Inhibition of PI3 kinases enhances the sensitivity of non-small cell lung cancer cells to ionizing radiation.

Non-small cell lung cancer (NSCLC) cells are relatively resistant to ionizing radiation (IR). The phosphatidylinositol 3 (PI3) kinases are members of a family of lipid kinases that mediate cellular functions, including cell growth, proliferation and DNA repair, which may contribute to radioresistance. We studied whether inhibition of PI3 kinases could increase the response of NSCLC cells to γ-irradiation. The results showed that pretreatment of PI3 kinase inhibitor wortmannin dose-dependently radiosensitized NSCLC A549 and H1650 cells by inhibiting colony formation, which was due to enhanced G2/M arrest and apoptosis by wortmannin. The accelerated apoptosis was accompanied by increased loss of mitochondrial membrane potential (MMP) and cytochrome c release to the cytoplasm. In addition, wortmannin pretreatment significantly increased caspase-3 activation, which was associated with the repression of X-linked inhibitor of apoptosis protein (XIAP). The radio-sensitizing effect of wortmannin was correlated with the inhibition of phosphorylated PKB/Akt level.

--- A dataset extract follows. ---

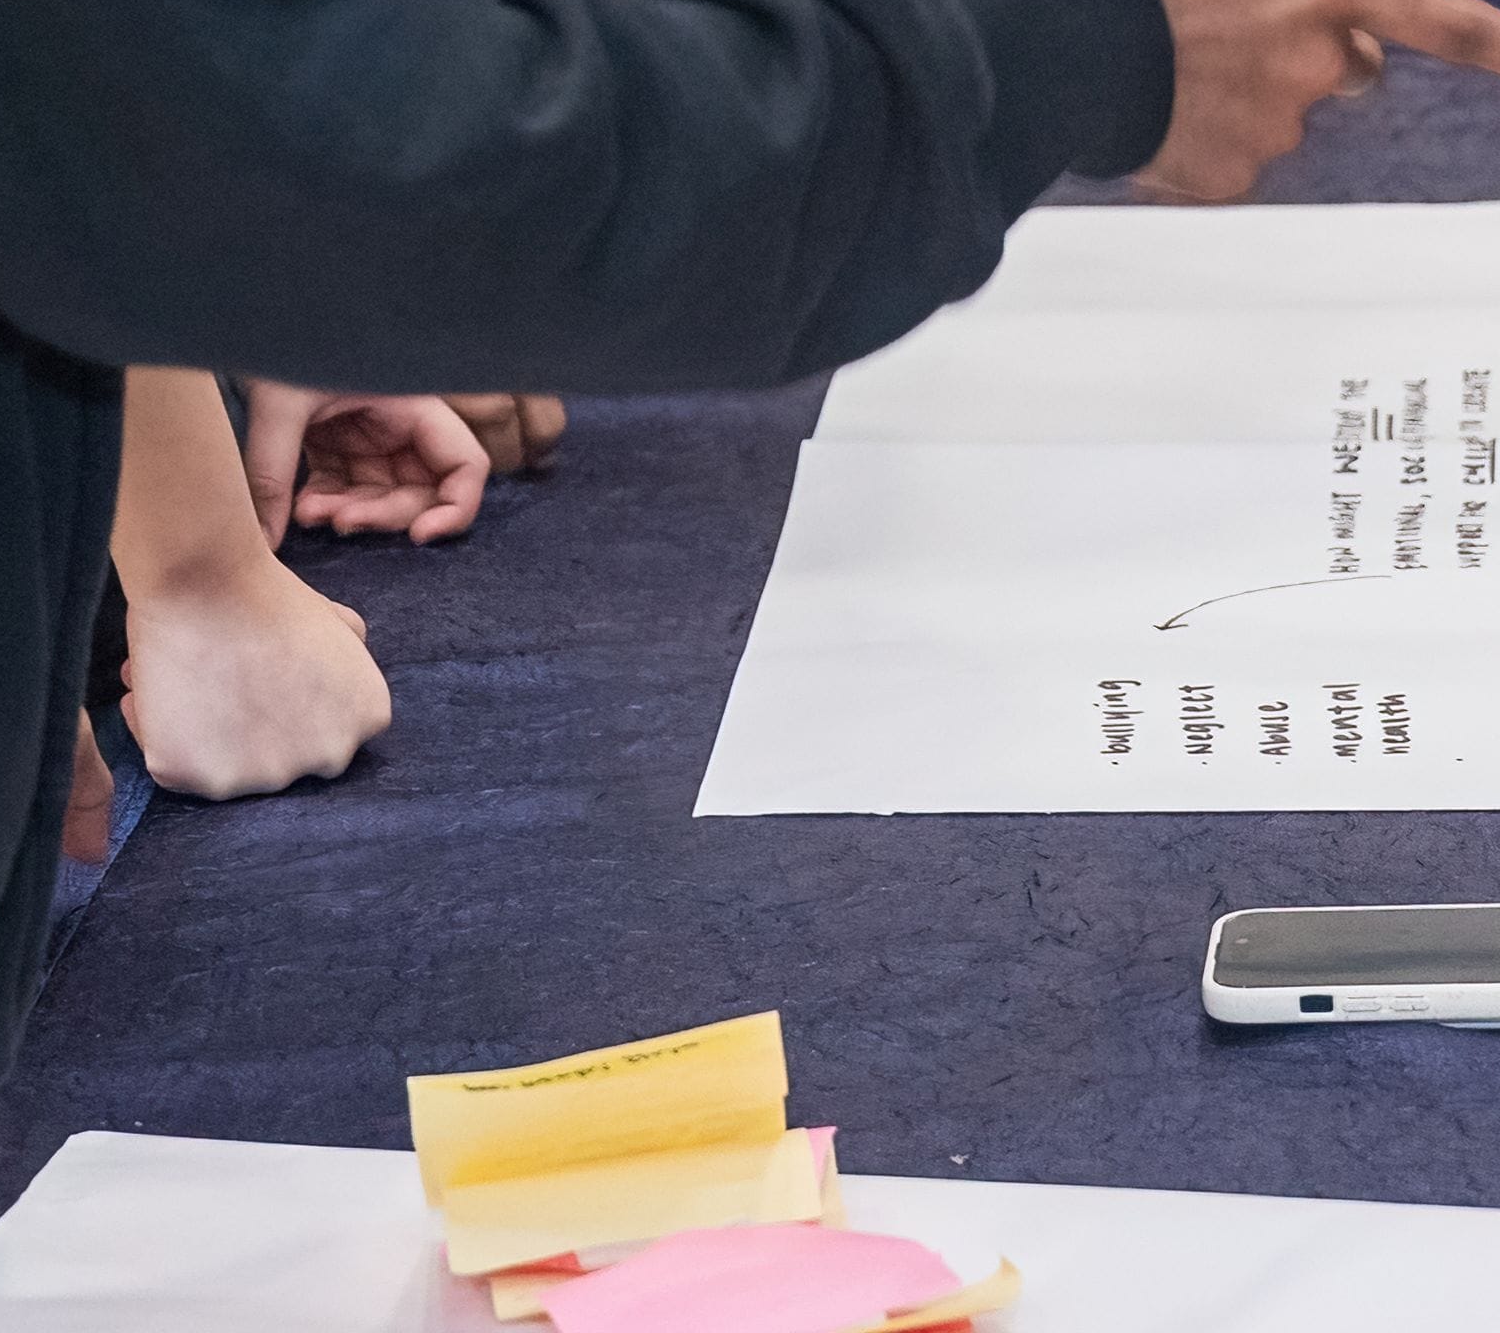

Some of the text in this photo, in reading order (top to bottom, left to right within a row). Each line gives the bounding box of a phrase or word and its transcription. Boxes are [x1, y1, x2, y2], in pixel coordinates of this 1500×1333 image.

Furthermore, wortmannin down-regulated the expression of DNA-dependent protein kinase catalytic subunit (DNA-PKcs) which is involved in DNA double stand break (DSB) repair, as a result, leading to the inhibition of DSBs rejoining, as indicated by increased level of γ-H2AX at 24 h after IR. Taken together, our results demonstrate that wortmannin acts as a powerful radiosensitizer in NSCLC cells by inhibiting PI3K/Akt survival signaling and DNA repair protein DNA-PKcs, suggesting that PI3 kinase inhibitors may represent a novel strategy for overcoming resistance to IR-induced apoptosis in NSCLC cells.